Under the state’s existing donated-leave policy, an employee is eligible to receive donated leave from a co-worker if they have exhausted all their accrued sick time, vacation days, or administrative leave. However, New Jersey lawmakers are in the process of turning what was once just a policy into a codified law. The bill will allow state workers to donate unused time off to those who may be suffering from serious illnesses. Although the donated-leave policy will remain largely unchanged, the new law will make it easier to transfer time off from one employee to another and reduce the requirements for pregnant women to receive donated time.
Pros and Cons
The donated-leave policy is thought to provide state workers the opportunity to see themselves as part of a team. As more fortunate workers help those who are suffering, an altruistic atmosphere of teamwork and comradery can be fostered.
However, workers that have the option to participate in this program seem to have several concerns with its efficacy. For example:
- Can an employee be forced to donate sick time?

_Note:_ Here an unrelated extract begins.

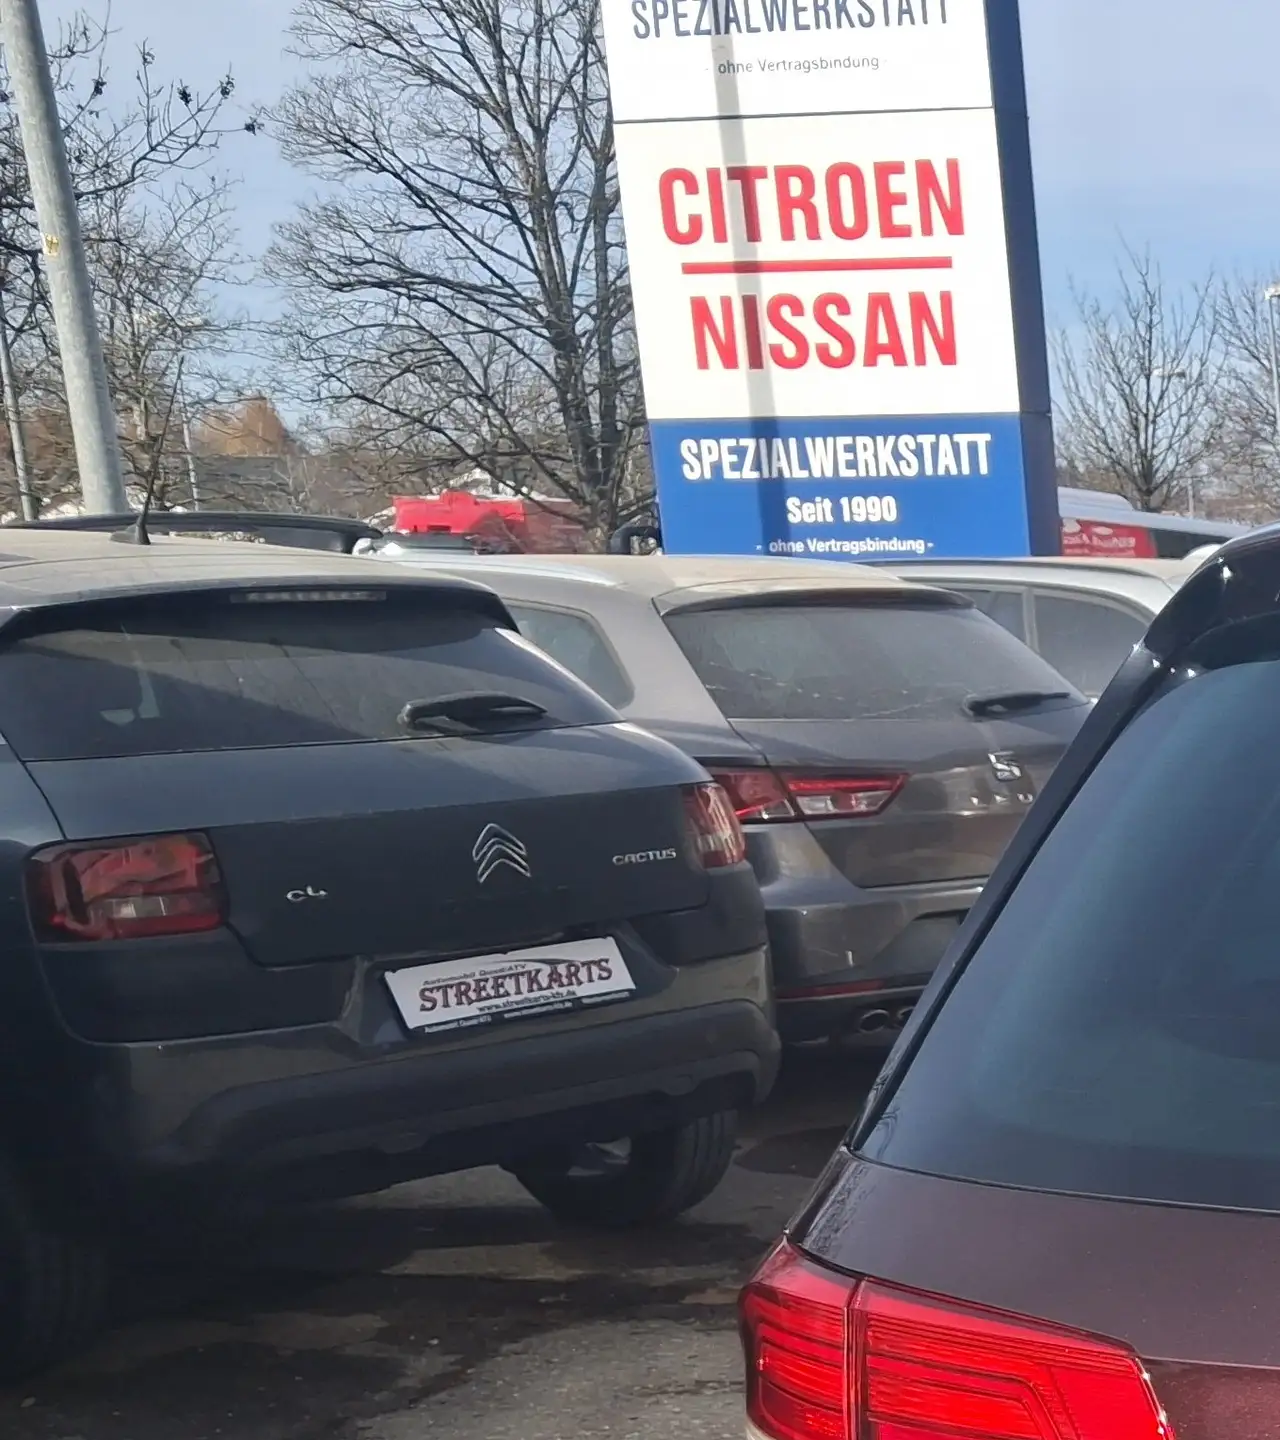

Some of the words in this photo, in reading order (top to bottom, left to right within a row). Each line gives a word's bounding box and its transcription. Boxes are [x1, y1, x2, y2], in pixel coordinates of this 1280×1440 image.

- What if an employee becomes sick, but has donated all their time off to another worker?
To some extent, the state legislation does address both concerns. In fact, all leave donors are required to have at least 20 days of accrued sick time and 12 vacation days remaining, after the donation, to be eligible. If the donor becomes chronically ill, requiring more time than they have available, it is hoped that this atmosphere of comradery will leave other employees compelled to pay it forward.
With employee permission, employers are required to conspicuously post the names of those in need of donations. Employees who meet the qualifications can voluntarily offer a donation of no more than 30 days. Employees, managers, and supervisors are prohibited from threatening, coercing, or interfering with one’s right to donate or one’s right to accept a donation. This includes promises of a promotion or threats of retaliation. However, what the consequences are for those who violate these rules remains to be seen.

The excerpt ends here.